DOMINGO V DE CUARESMA CICLO C
Domingo 6 de Abril de 2025
REFLEXIÓN
1.-En la segunda lectura, S.Pablo nos recuerda que en esa carrera hacia la meta de ser mejores y parecernos a Jesús, que es la Cuaresma y toda nuestra vida, hemos de esforzarnos cada día. El pasaje del Evangelio de hoy nos propone aspectos nuevos en los que podemos mejorar
2.- Un grupo de hombres, que son cobardes porque solos no se atreven, a gritos acusan, juzgan, condenan y están dispuestos a ejecutar su codena a una mujer que, según la Ley, merece pena de muerte por su pecado.
Jesús, después de un largo silencio, les hace reflexionar: “El que no tenga pecado y tenga limpio el corazón, que eche la primera piedra.”
Pone a cada uno en su sitio, les hace reconocer su comportamiento injusto, su hipocresía, su violencia y todos, empezando por los más viejos porque su corazón está más lleno de maldad, avergonzados se van marchando.
3.- Allí queda la mujer sola, abandonada, humillada, despreciada, juzgada y condenada por una vida que no puede ocultar porque es pública y por todos conocida. Es tanta su humillación y se siente tan despreciada que no tiene fuerzas para levantarse. Con el corazón encogido espera que Jesús hable después de ese largo silencio.
4.- Jesús, como siempre y como sólo Él sabe hacer, la mira con ojos y corazón de misericordia. “¿Nadie te ha condenado? ¿Nadie se ha atrevido a cumplir su condena? Yo tampoco te condeno. Anda, levántate y vete, pero no peques más.”
Jesús llena de paz el corazón de aquella mujer, le hace recuperar su dignidad, le abre un camino nuevo lleno de esperanza. Puede comenzar una nueva vida.
5.- ¿Y nosotros? ¿Con quién nos identificamos?
++Unas veces somos acusadores, con un corazón duro y sin misericordia, dispuestos a juzgar y a condenar. Somos, como los del evangelio, hipócritas y cobardes porque actuamos a escondidas, en grupo y a las espaldas. Nos creemos mejores que los demás a pesar de nuestro corazón sucio y empecatado.
Jesús pone ante nosotros un espejo para que nos miremos y reconozcamos nuestra miseria y nuestra falsedad. Nos pone en nuestro sitio.

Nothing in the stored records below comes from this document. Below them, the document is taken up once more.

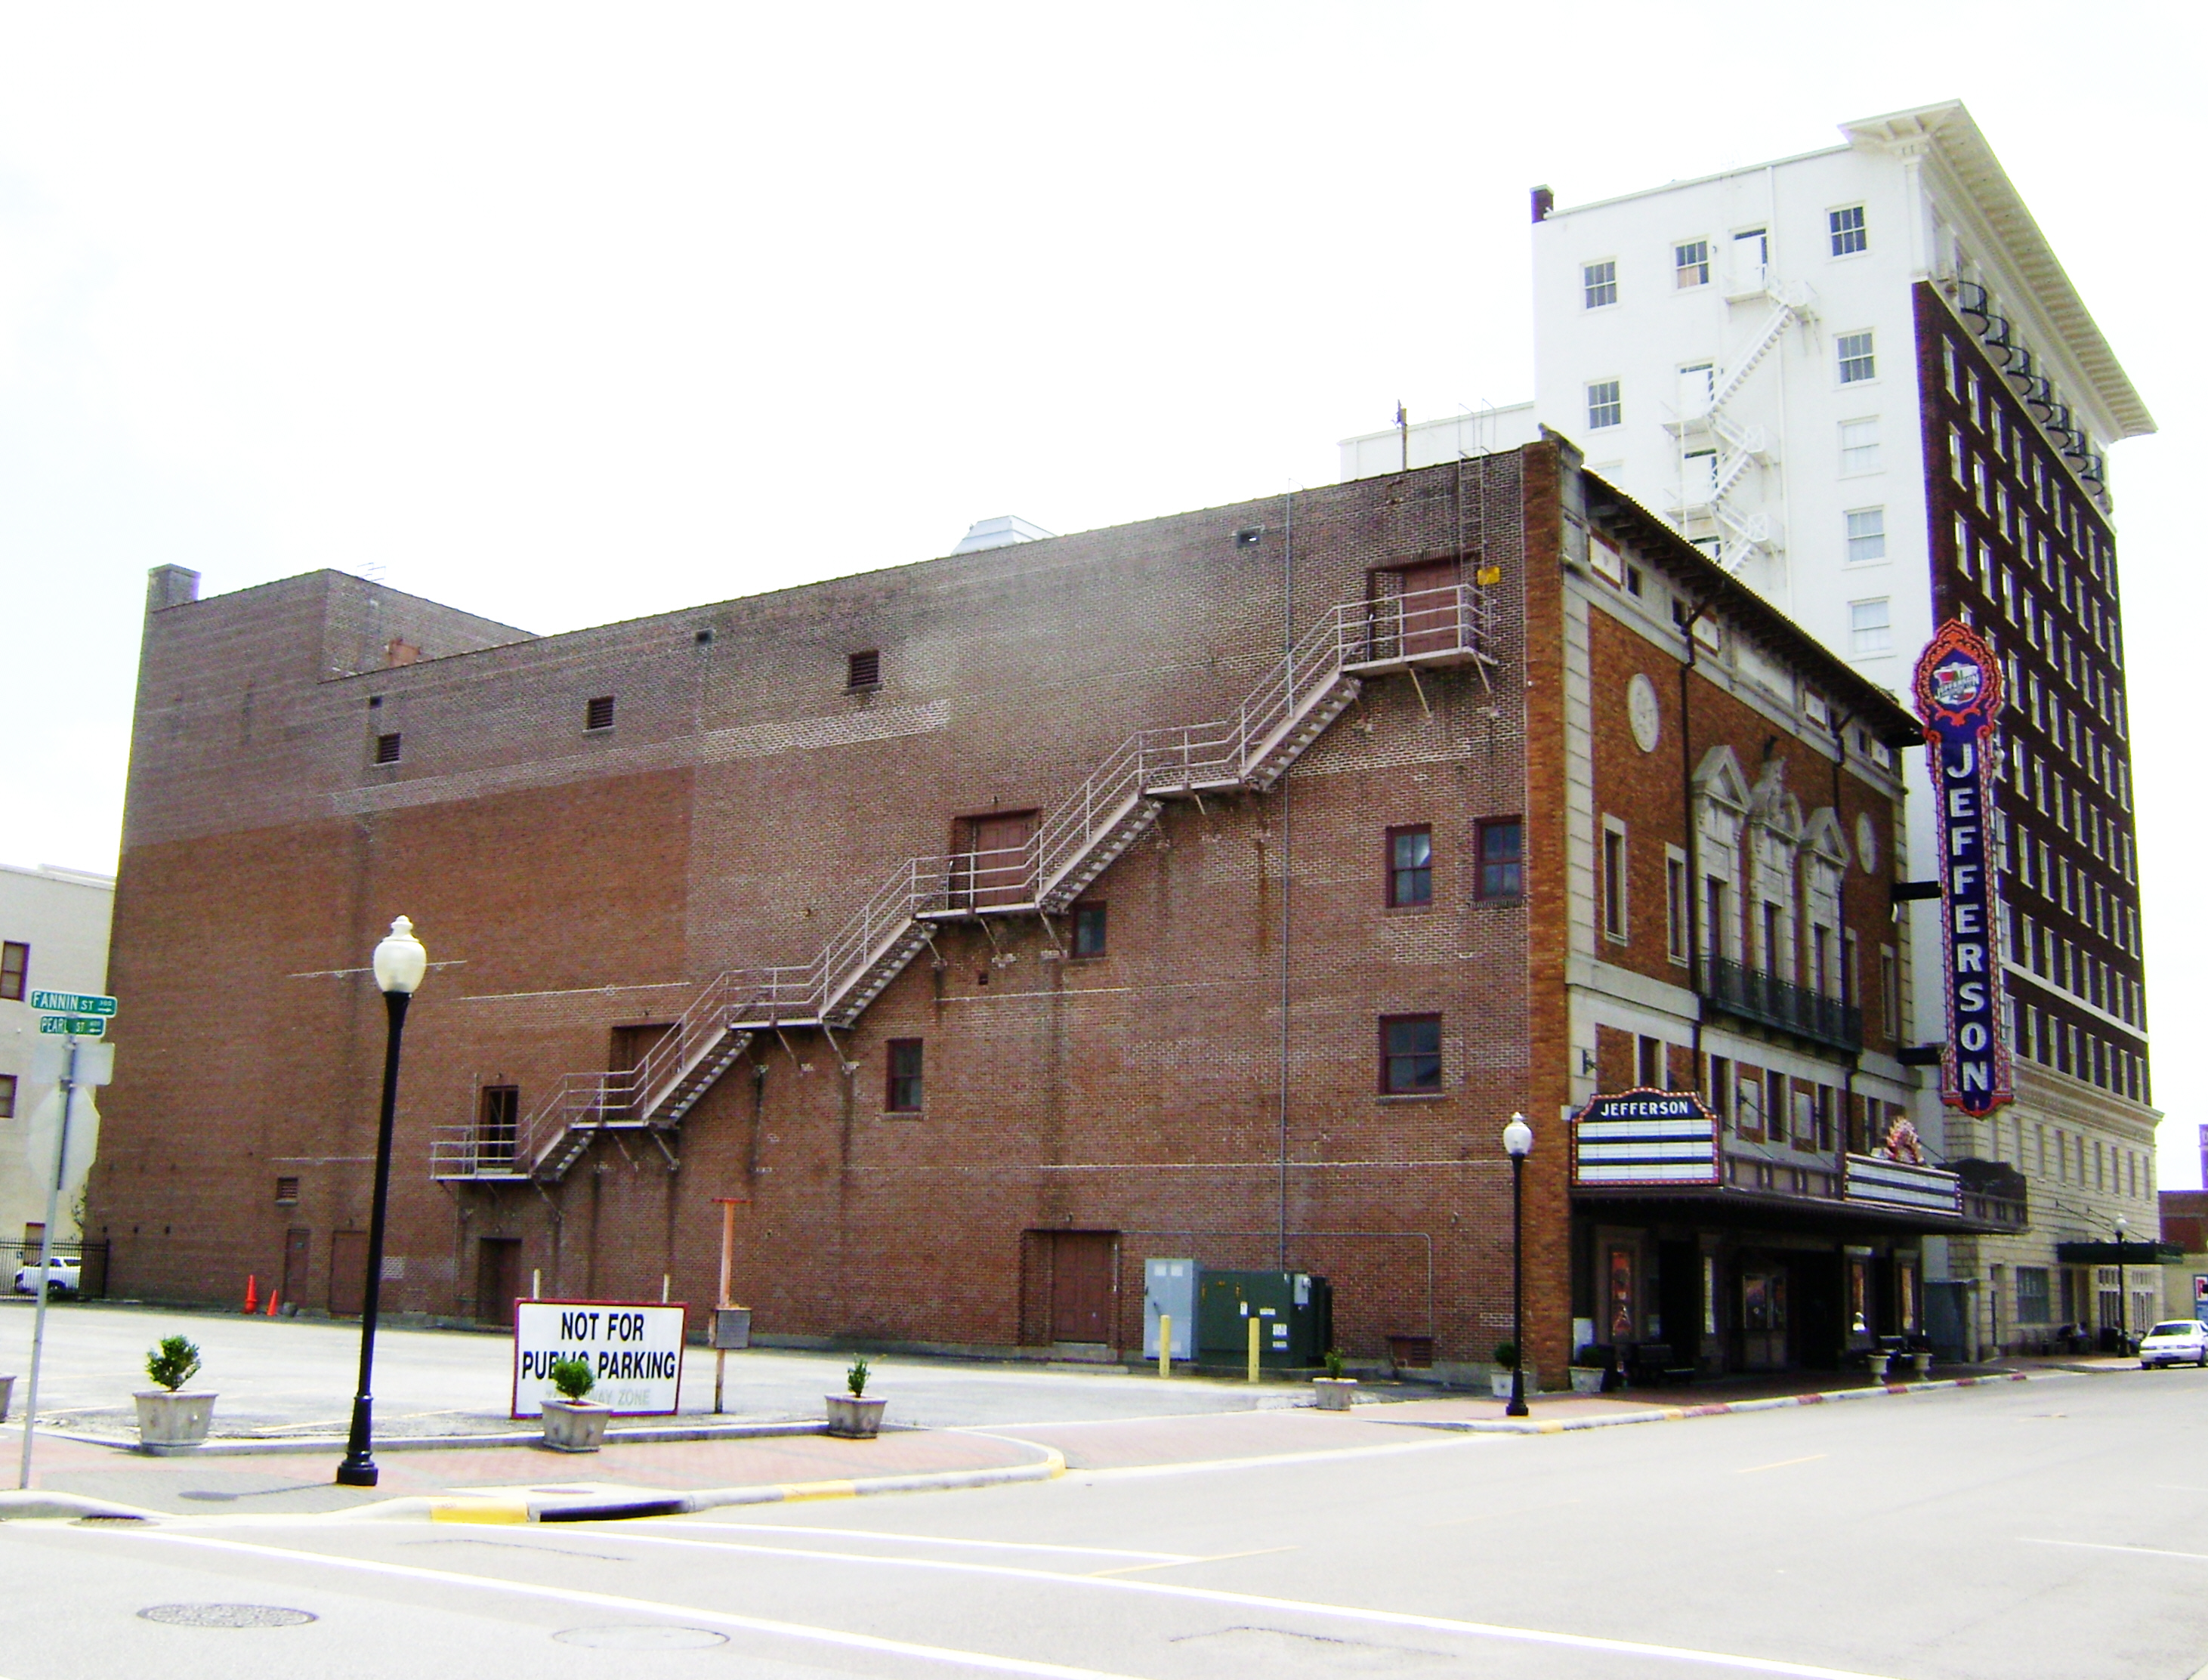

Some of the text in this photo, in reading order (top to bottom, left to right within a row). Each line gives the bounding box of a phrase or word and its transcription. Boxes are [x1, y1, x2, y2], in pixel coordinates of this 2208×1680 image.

[1945, 743, 1989, 1092] JEFFERSON
[33, 992, 79, 1010] FANNIN
[81, 999, 94, 1011] ST
[42, 1018, 68, 1033] PEARL
[76, 1021, 85, 1033] ST
[1601, 1101, 1688, 1116] JEFFERSON
[560, 1311, 644, 1342] NOT FOR
[598, 1351, 676, 1380] PARKING
[618, 1388, 651, 1406] ZONE

++Otras veces somos nosotros quienes nos sentimos humillados, juzgados, maltratados, excluidos… sin fuerzas para levantarnos y volver a comenzar porque nos sentimos profundamente hundidos y solos. Nos han perdido el respeto y nos han hecho creer que hemos perdido nuestra dignidad.
++Sólo Jesús nos mira con misericordia, nos perdona siempre, nos levanta de nuestro hundimiento y nos hace recuperar nuestra dignidad de personas y de hijos de Dios, abre ante nosotros un camino nuevo que podemos recorrer con alegría y esperanza, sin necesidad de mirar al pasado porque ya hemos sido perdonados
6.- ¿Cuál es nuestra situación? ¿Nos sentimos perdonados? ¿Hemos aprovechado la Cuaresma para acercarnos a participar de la Vida Nueva de Jesús resucitado? En esta última semana de Cuarentena nos podríamos proponer no juzgar ni condenar a nadie y perdonar a quien nos ha ofendido. Así nos comportaríamos como se comportó Jesús.